Los fans de la familia real tienen un nuevo motivo para reírse de la esposa del príncipe Harry. La duquesa, que está tratando de posicionarse como una empresaria exitosa, se ha encontrado una vez más en problemas.

Según los documentos obtenidos por la mencionada publicación, recientemente a Markle le negaron el registro de su marca, que fue ampliamente publicitada. El motivo de la denegación fue una violación de la regla que impide que los nombres de marcas incluyan nombres o elementos geográficos. Como se indica en la carta de rechazo oficial que Meghan recibió de la USPTO (Oficina de Patentes y Marcas de los Estados Unidos), el nombre de su marca, American Riviera Orchard, entra en esta categoría.
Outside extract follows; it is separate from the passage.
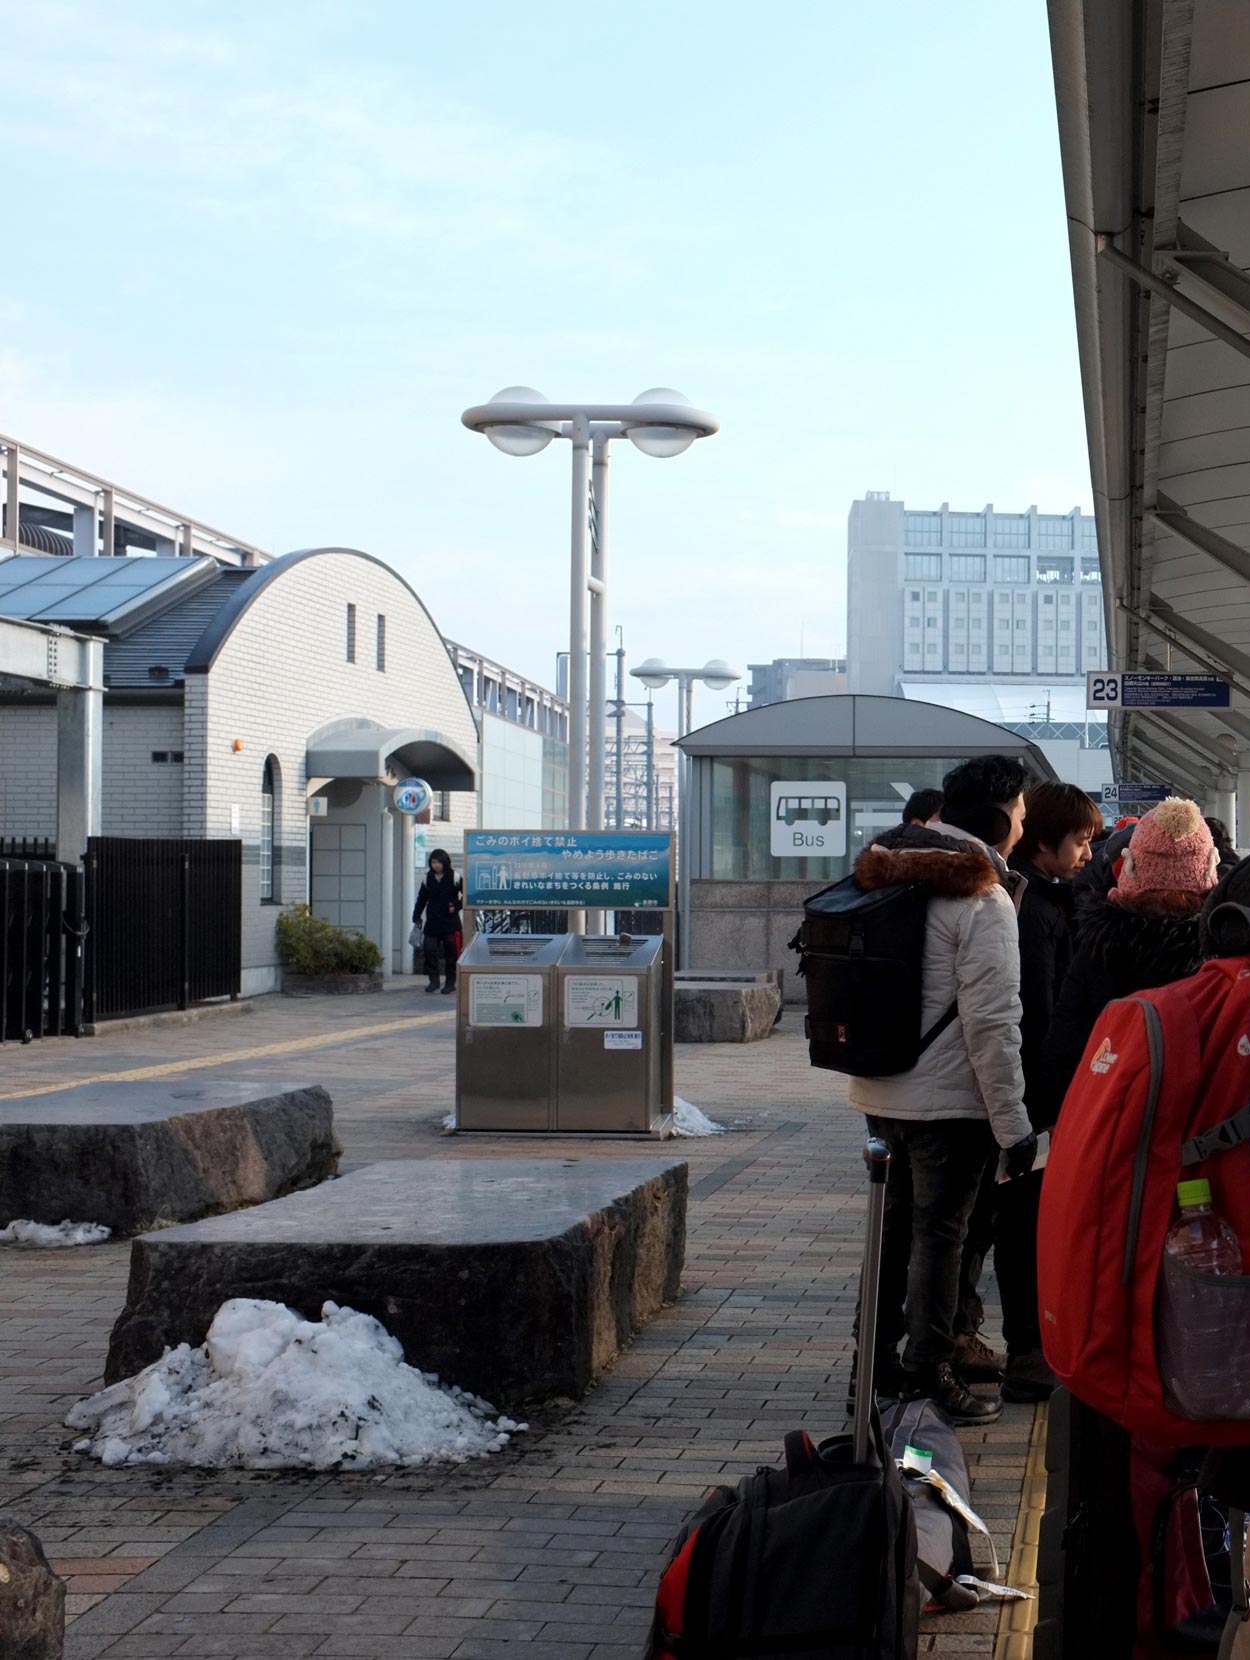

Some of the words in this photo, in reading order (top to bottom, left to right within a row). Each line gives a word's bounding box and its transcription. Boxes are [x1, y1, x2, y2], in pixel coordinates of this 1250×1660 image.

American Riviera es un término muy conocido y de uso común para la costa de California alrededor de Santa Bárbara.

Además, la oficina de patentes señaló una serie de otros errores en los documentos de registro. Por ejemplo, los productos que Markle pretende vender bajo la marca estaban mal nombrados. La mayoría de las descripciones eran demasiado vagas e incluían varios grupos de productos. Por ejemplo, Meghan expresó su intención de vender equipos de cocina, pero no especificó de qué tipo, desde cucharones hasta complejos electrodomésticos de cocina. Según las normas de la oficina de patentes, no se aceptan descripciones tan generales; los tipos de productos específicos deben incluirse en los documentos. Ahora, Markle tendrá que revisar todos los documentos preparados. Tampoco está claro cómo resolverá el problema con la marca en sí.

Los críticos argumentan que Meghan ha demostrado una evidente falta de perspicacia empresarial en esta situación. Esta no es la primera vez que surgen problemas de este tipo. El año pasado, cuando intentó por primera vez registrar American Riviera Orchard, también presentó documentos incorrectos. Además, después de enviarlos a la oficina de patentes, olvidó pagar la tarifa de registro. Tampoco registró como marca el nombre de su podcast, Archewell, que creó para Spotify. El registro fue denegado porque otra persona ya había registrado con éxito una marca con el mismo nombre exacto. El hecho de que Markle no verificara estos detalles antes de enviar los documentos pone de relieve aún más sus dificultades con la gestión empresarial.

Por supuesto, Markle podría delegar todo el trabajo técnico a su personal. Sin embargo, esto ha resultado imposible. Los informes sugieren que Markle es una empleadora tan exigente y difícil que pocas personas quieren trabajar con ella. Por eso, los que consiguen trabajo suelen marcharse poco después. Se sabe que la duquesa ha perdido a casi 20 empleados en los últimos años que ya no querían trabajar con ella. Ahora intenta gestionarlo todo ella misma, con resultados poco halagüeños.